In 2002, artist Rod Dickinson, working in collaboration with Graeme Edler and Steve Rushton, exactly recreated the setting used by Milgram – the Interaction Laboratory at Yale – and engaged actors to reenact the experiment as an art performance.
The audience at the performance, staged at the Centre for Contemporary Art in Glasgow, were asked to stay throughout and form part of the video documentation. Even knowing the nature of the work and the origins of the works being spoken and sound effects being delivered this is not something that would be easy to sit through.

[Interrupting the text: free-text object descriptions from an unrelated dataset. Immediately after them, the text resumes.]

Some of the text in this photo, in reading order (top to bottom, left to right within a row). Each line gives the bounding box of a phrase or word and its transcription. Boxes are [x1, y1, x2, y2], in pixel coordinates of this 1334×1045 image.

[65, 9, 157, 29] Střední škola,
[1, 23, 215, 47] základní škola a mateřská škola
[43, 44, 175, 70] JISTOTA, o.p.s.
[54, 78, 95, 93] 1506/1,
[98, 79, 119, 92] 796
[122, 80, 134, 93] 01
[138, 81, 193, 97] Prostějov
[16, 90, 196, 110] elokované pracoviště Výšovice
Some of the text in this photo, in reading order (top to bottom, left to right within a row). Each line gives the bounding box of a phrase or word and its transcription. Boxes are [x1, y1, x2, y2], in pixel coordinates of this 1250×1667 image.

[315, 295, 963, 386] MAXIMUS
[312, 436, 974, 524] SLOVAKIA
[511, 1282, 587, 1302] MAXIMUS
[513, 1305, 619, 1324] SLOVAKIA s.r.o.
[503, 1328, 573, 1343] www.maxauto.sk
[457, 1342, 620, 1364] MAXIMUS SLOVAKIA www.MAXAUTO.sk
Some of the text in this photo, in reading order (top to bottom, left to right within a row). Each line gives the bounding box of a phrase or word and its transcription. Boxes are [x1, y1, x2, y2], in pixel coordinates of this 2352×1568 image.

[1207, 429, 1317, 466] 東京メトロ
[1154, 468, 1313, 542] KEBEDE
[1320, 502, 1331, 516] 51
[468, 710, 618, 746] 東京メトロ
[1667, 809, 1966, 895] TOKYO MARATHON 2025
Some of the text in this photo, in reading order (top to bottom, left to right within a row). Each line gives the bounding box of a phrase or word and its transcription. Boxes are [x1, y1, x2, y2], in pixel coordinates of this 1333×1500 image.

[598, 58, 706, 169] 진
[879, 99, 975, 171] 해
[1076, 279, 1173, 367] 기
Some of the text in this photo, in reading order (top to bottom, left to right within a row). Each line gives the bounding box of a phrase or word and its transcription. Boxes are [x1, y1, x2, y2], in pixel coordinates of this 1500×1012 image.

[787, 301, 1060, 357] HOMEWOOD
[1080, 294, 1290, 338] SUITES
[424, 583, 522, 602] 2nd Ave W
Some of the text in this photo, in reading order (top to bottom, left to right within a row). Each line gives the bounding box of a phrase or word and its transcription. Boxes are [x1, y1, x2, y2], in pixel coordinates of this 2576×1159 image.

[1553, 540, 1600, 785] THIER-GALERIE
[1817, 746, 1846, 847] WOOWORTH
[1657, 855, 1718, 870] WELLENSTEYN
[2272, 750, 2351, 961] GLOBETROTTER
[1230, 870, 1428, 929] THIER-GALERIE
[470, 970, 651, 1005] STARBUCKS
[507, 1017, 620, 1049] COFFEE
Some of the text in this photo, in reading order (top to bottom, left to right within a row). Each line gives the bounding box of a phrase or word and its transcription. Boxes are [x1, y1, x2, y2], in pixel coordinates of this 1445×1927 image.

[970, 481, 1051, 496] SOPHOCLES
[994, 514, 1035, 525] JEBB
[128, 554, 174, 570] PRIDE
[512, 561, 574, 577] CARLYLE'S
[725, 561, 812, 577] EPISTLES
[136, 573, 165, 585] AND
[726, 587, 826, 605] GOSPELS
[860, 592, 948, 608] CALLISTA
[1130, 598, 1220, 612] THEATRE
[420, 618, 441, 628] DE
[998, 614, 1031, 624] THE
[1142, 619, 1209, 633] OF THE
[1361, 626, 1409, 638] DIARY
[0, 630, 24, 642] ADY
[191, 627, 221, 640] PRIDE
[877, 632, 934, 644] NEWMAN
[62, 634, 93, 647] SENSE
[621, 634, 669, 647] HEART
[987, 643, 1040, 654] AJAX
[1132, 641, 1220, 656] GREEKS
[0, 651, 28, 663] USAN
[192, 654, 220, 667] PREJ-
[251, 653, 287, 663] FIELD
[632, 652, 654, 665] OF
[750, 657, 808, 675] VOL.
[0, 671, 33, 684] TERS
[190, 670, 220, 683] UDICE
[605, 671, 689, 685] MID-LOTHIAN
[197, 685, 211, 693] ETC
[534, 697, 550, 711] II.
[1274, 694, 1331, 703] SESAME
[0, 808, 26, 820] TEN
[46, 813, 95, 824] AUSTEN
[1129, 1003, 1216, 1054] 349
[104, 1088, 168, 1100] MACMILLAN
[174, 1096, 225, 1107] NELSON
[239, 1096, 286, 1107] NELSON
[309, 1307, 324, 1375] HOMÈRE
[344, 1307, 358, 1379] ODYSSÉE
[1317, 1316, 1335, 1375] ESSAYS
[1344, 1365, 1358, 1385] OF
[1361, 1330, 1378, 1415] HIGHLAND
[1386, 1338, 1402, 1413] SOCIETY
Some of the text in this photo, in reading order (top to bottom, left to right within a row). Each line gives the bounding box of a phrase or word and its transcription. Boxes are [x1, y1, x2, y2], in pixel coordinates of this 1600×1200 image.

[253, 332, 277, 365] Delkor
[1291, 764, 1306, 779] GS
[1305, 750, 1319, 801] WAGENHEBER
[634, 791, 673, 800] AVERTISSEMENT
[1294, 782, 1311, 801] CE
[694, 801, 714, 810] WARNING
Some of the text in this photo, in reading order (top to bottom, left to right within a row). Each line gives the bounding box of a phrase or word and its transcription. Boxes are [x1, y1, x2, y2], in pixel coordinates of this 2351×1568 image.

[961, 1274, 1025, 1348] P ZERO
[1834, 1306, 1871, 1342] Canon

The work is now shown in video form either accompanied by a set of photographs of details from the facsimile laboratory or with the laboratory as an installation which the audience can walk through. Sounds from the experiment are played into the space.
Though the work is a reenactment, Dickinson doesn’t really take on the role of Milgram in the way that Mark Dion becomes an archaeologist for a work such as Tate Thames Dig. Arguably, to an extent, Dickinson is testing the audience; despite knowing what one is watching and understanding the artifice, it would nonetheless be hard to sit through something of this nature. In this respect, Dickinson’s interest – here and in other works, and other than reenactments of this nature, Dickinson was part of a group of circlemakers – seems primarily to lie in belief systems, mythologies and collective understanding of the world.
Being a re-enactment, he performance is at a remove from the actual events, but Dickinson’s detachment from the eventual “product” must have been something else – (having to think about the details of the piece, making sure everything goes the way he wants it to). There’s an uncanny emptiness at the heart of this. Fascinating stuff.